──────── LISTED RECORDS
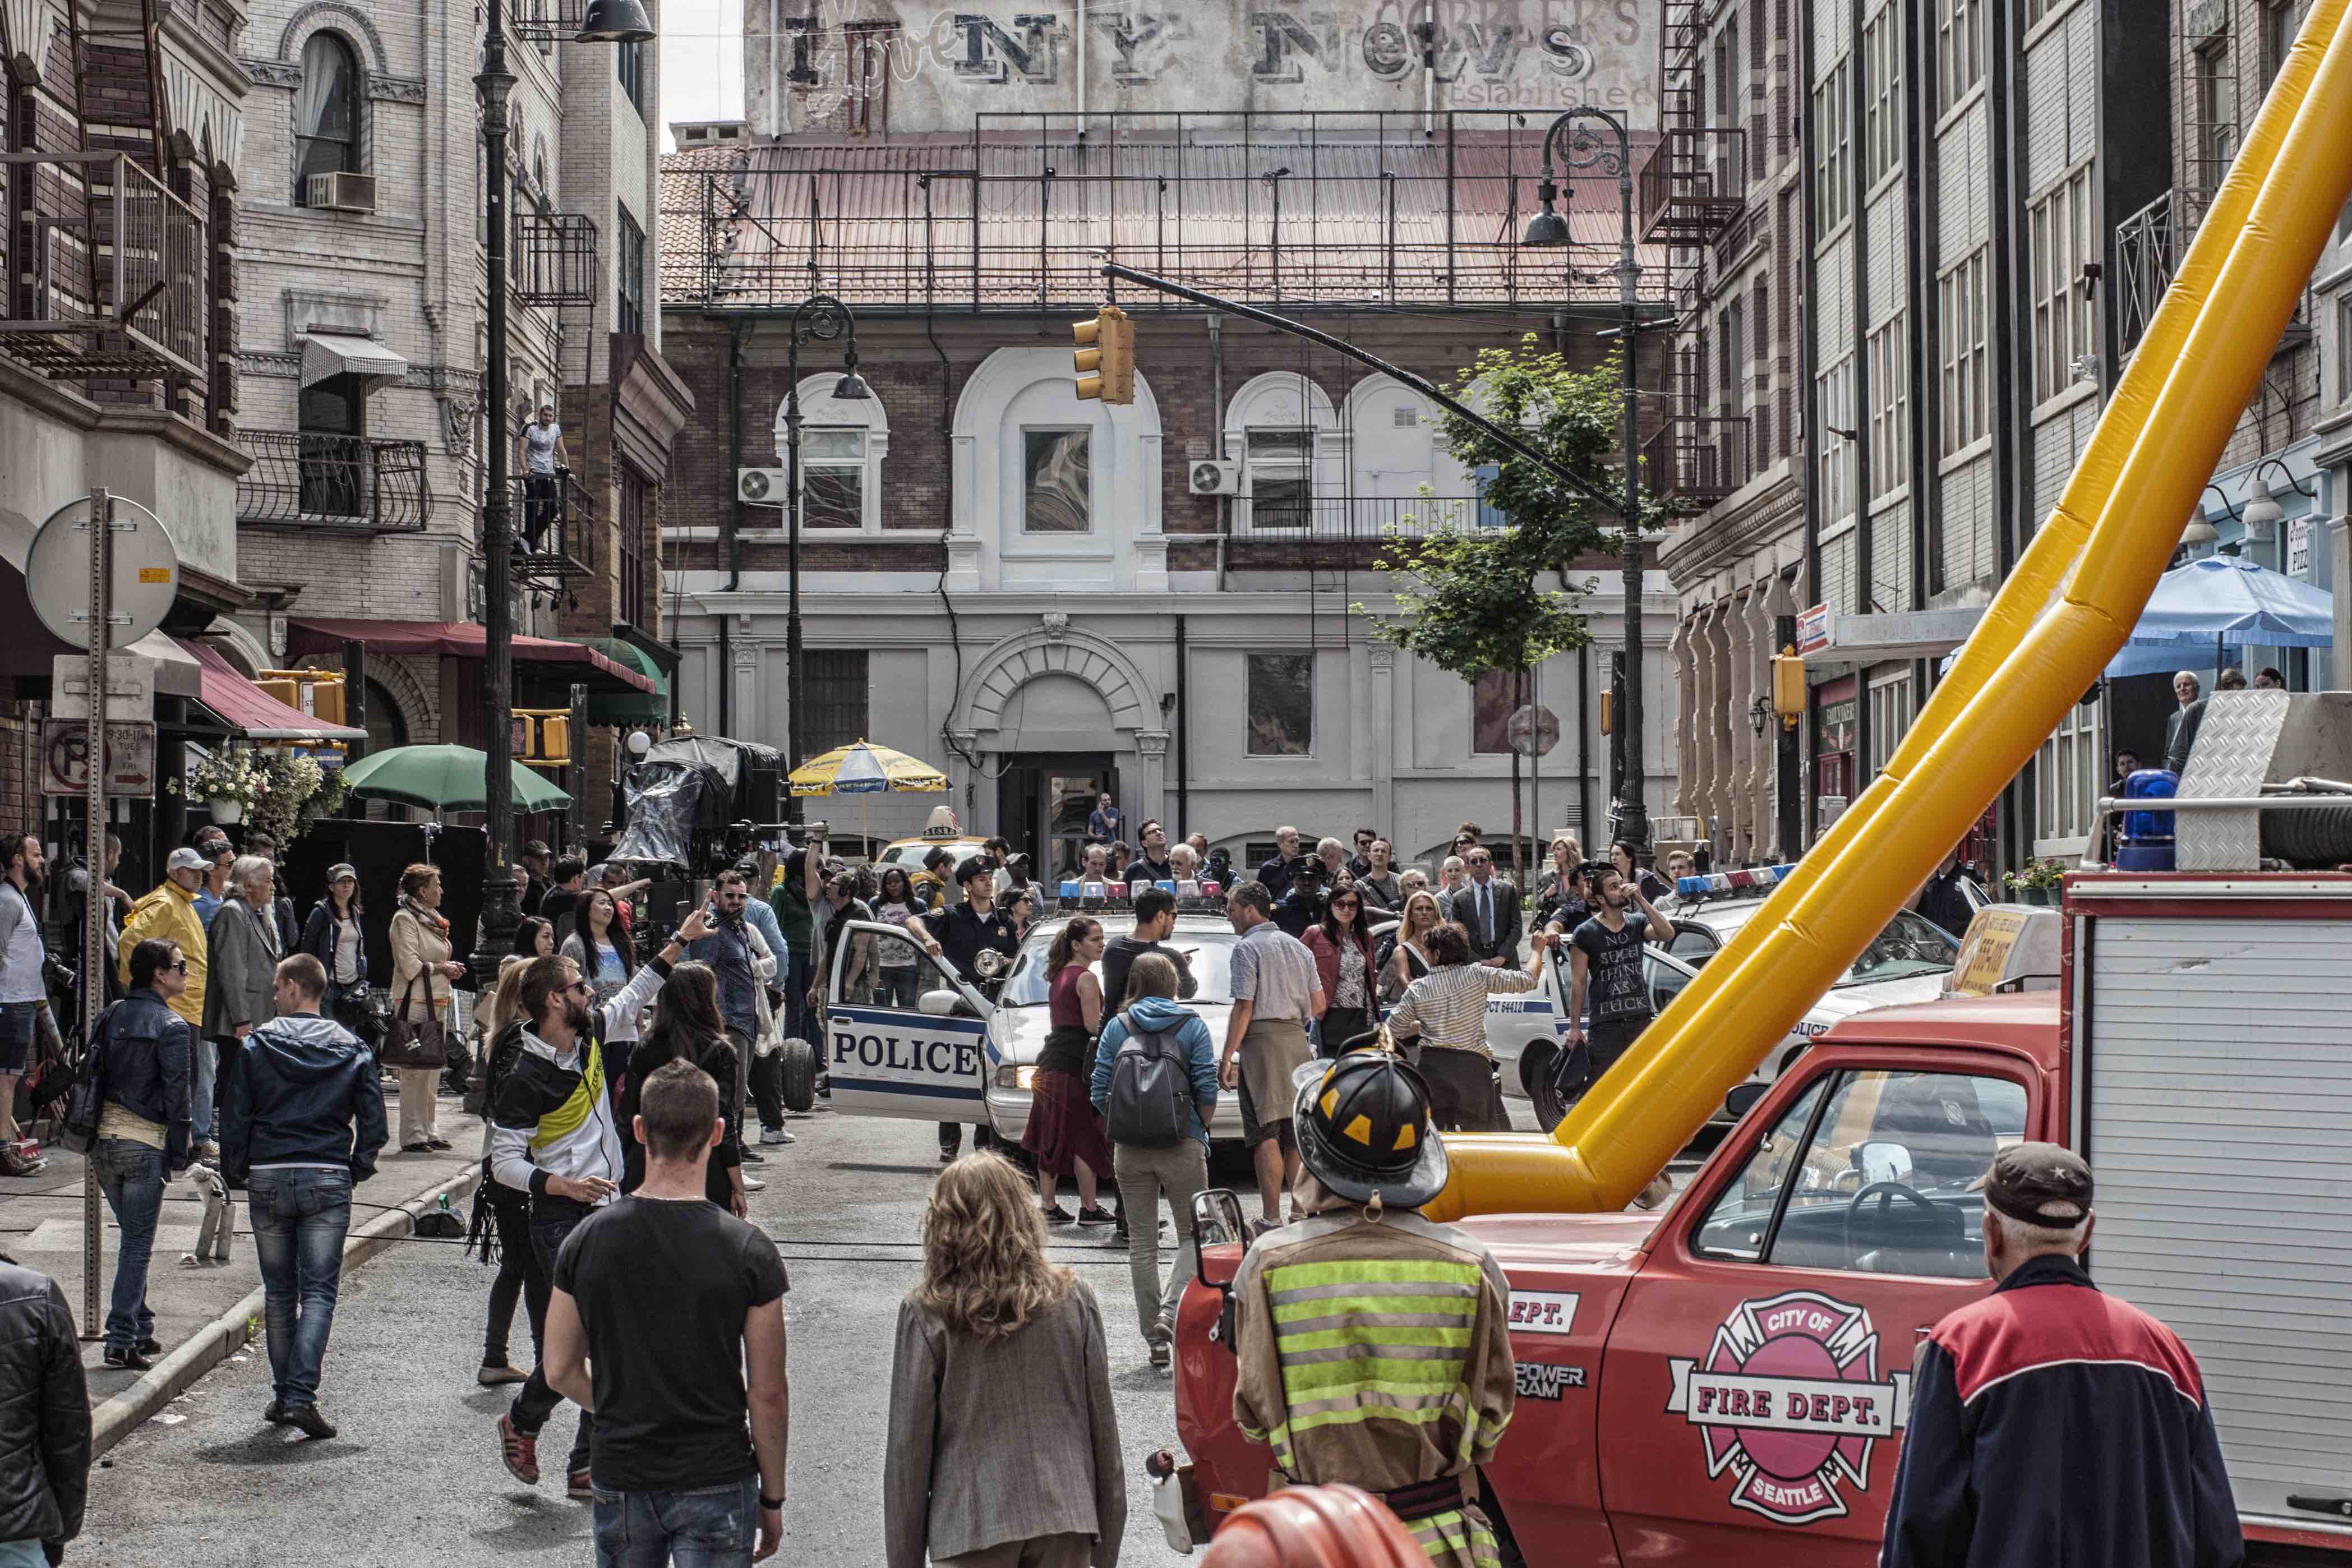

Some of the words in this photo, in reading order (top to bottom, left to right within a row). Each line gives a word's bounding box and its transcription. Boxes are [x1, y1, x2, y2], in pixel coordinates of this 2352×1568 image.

[119, 742, 140, 750] TUES
[1605, 933, 1629, 947] NO
[833, 1032, 977, 1076] POLICE
[1507, 1301, 1563, 1325] EPT.
[1768, 1309, 1807, 1331] CITY
[1808, 1312, 1832, 1332] OF
[1515, 1363, 1585, 1385] POWER
[1515, 1380, 1559, 1398] RAM
[1697, 1386, 1772, 1418] FIRE
[1786, 1392, 1880, 1426] DEPT.
[1752, 1477, 1824, 1506] SEATTLE
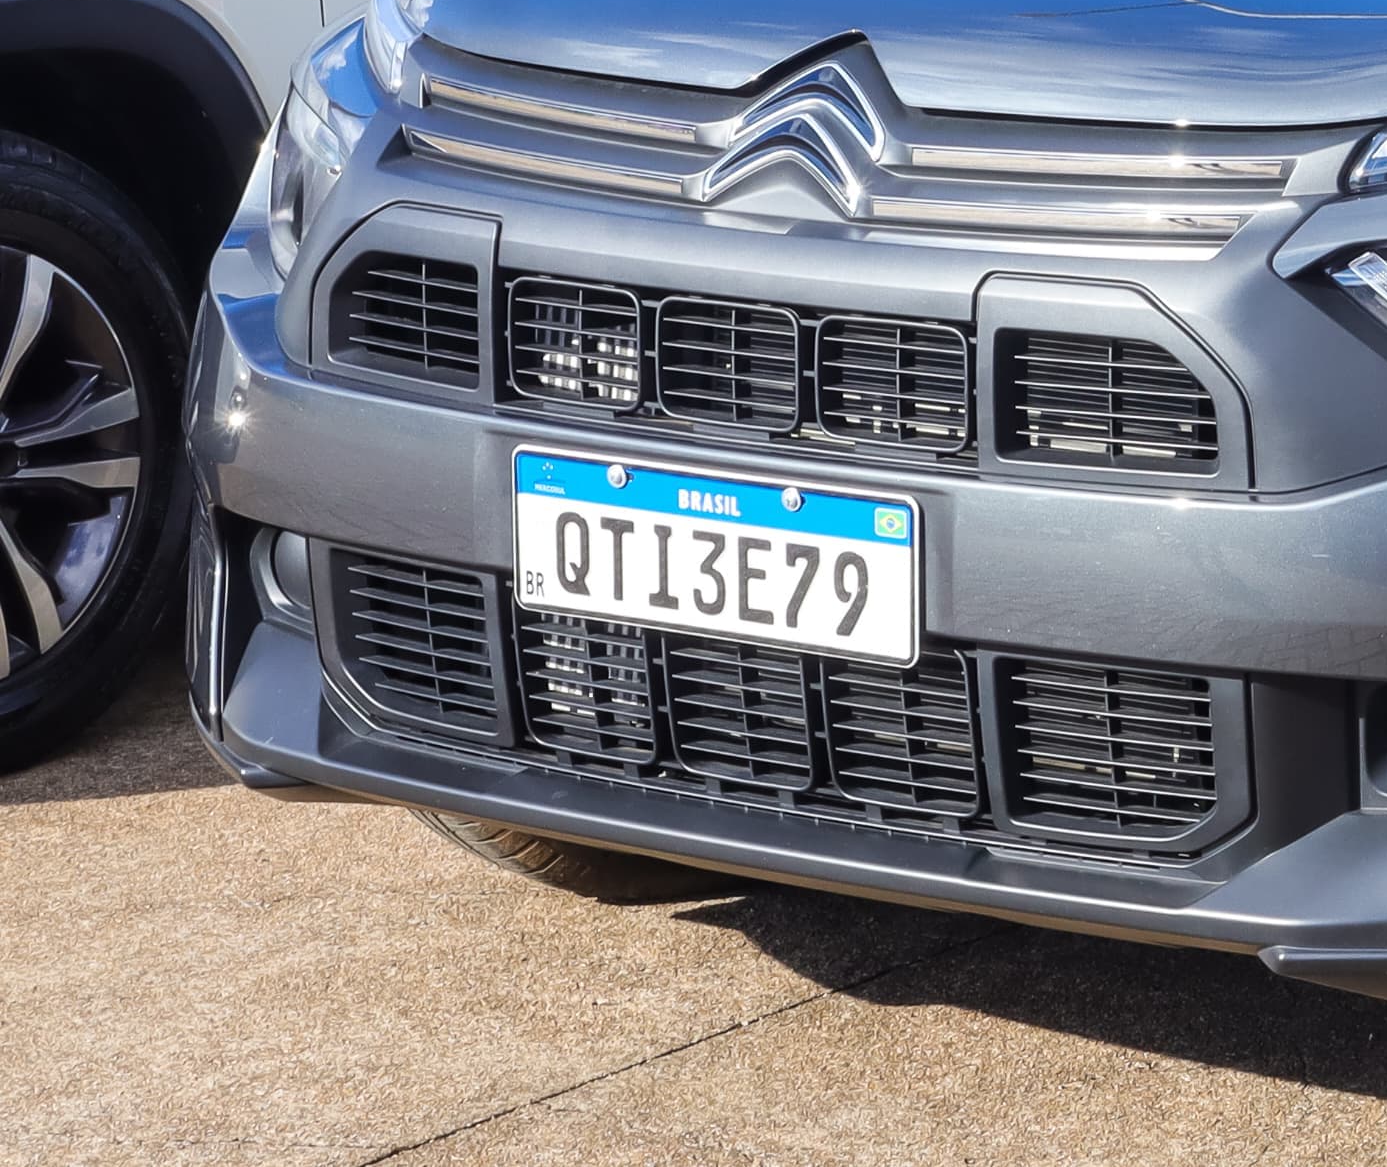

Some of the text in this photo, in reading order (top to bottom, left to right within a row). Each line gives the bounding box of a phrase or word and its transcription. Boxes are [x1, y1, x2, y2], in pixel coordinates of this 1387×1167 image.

[677, 488, 741, 517] BRASIL
[526, 570, 546, 598] BR
[555, 511, 869, 637] QTI3E79
────────────────
▶ **TASK PROMPT**
Copy out all the data above exactly, pictures excluded.

▶ **EXERCISE RESPONSE**
Some of the words in this photo, in reading order (top to bottom, left to right within a row). Each line gives a word's bounding box and its transcription. Boxes are [x1, y1, x2, y2], in pixel coordinates of this 2352×1568 image.

[119, 742, 140, 750] TUES
[1605, 933, 1629, 947] NO
[833, 1032, 977, 1076] POLICE
[1507, 1301, 1563, 1325] EPT.
[1768, 1309, 1807, 1331] CITY
[1808, 1312, 1832, 1332] OF
[1515, 1363, 1585, 1385] POWER
[1515, 1380, 1559, 1398] RAM
[1697, 1386, 1772, 1418] FIRE
[1786, 1392, 1880, 1426] DEPT.
[1752, 1477, 1824, 1506] SEATTLE

Some of the text in this photo, in reading order (top to bottom, left to right within a row). Each line gives the bounding box of a phrase or word and its transcription. Boxes are [x1, y1, x2, y2], in pixel coordinates of this 1387×1167 image.

[677, 488, 741, 517] BRASIL
[526, 570, 546, 598] BR
[555, 511, 869, 637] QTI3E79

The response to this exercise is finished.